The written submissions filed on behalf of the first defendant forcefully establish that it should have costs not only against the plaintiff but the third and fourth defendants with respect to the cross appeal on an ordinary basis. Upon closer examination the submitting appearances by the third and fourth defendants were filed with respect to the further amended summons and not with respect to the cross appeal and contrary to UCPR r 10.1(1) the submitting appearances were not served on the first defendant, such that no objection was taken in the hearing of the appeal to submissions made by counsel in opposition to the relief sought in the cross appeal. I accept the submission that in substance submissions were made by the third and fourth defendants inconsistent with the submitting appearance but consistent with their opposition in the Local Court. Overall the true position as explained in Kisimul Holdings Pty Ltd v Clear Position Pty Ltd (No 2) [2014] NSWCA 317is that, in the circumstances of the case, a relevant submitting appearance was not made with respect to the cross appeal and in substance there was an opposition to that relief.
In those circumstances, the first defendant should have costs on an ordinary basis of the appeal as against the plaintiff, the cross appeal against the plaintiff and the third and fourth defendants (collectively, "the cross defendants"), and the cross defendants with respect to the present application for costs.
[5]
Orders
The Court makes the following orders:
1. The plaintiff to pay the first defendant's costs of the appeal on the ordinary basis. There otherwise be no order as to costs of the appeal.
2. The first, second and third cross defendants to pay the cross claimant's costs of the cross appeal on the ordinary basis.
3. The plaintiff / first cross defendant and the second and third cross defendants to pay the first defendant / cross claimant's costs of this application for costs.

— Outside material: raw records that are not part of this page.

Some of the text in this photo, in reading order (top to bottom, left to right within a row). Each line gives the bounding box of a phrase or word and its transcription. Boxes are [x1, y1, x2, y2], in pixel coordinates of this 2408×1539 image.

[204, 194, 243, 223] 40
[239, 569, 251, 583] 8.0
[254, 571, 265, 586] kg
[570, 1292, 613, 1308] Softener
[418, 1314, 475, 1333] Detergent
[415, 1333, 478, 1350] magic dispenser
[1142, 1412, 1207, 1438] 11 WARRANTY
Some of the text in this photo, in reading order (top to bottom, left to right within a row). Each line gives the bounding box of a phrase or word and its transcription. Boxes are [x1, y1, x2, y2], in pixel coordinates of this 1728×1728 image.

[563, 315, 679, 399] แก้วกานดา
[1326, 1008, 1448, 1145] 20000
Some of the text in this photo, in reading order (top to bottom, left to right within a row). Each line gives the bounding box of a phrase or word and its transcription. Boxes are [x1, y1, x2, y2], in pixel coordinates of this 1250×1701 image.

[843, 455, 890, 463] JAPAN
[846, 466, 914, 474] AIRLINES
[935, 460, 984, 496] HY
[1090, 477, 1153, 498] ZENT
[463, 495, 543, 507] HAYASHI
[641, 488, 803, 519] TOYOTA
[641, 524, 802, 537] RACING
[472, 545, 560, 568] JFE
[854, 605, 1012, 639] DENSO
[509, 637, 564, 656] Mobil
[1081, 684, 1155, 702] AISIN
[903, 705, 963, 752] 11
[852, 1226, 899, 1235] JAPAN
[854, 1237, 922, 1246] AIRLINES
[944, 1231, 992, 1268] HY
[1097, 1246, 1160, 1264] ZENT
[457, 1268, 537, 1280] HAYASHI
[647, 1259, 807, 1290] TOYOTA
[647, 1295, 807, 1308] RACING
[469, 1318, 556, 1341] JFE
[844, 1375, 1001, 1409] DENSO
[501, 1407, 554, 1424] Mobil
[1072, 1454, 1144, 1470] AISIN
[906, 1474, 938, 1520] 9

DISCLAIMER - Every effort has been made to comply with suppression orders or statutory provisions prohibiting publication that may apply to this judgment or decision. The onus remains on any person using material in the judgment or decision to ensure that the intended use of that material does not breach any such order or provision. Further enquiries may be directed to the Registry of the Court or Tribunal in which it was generated.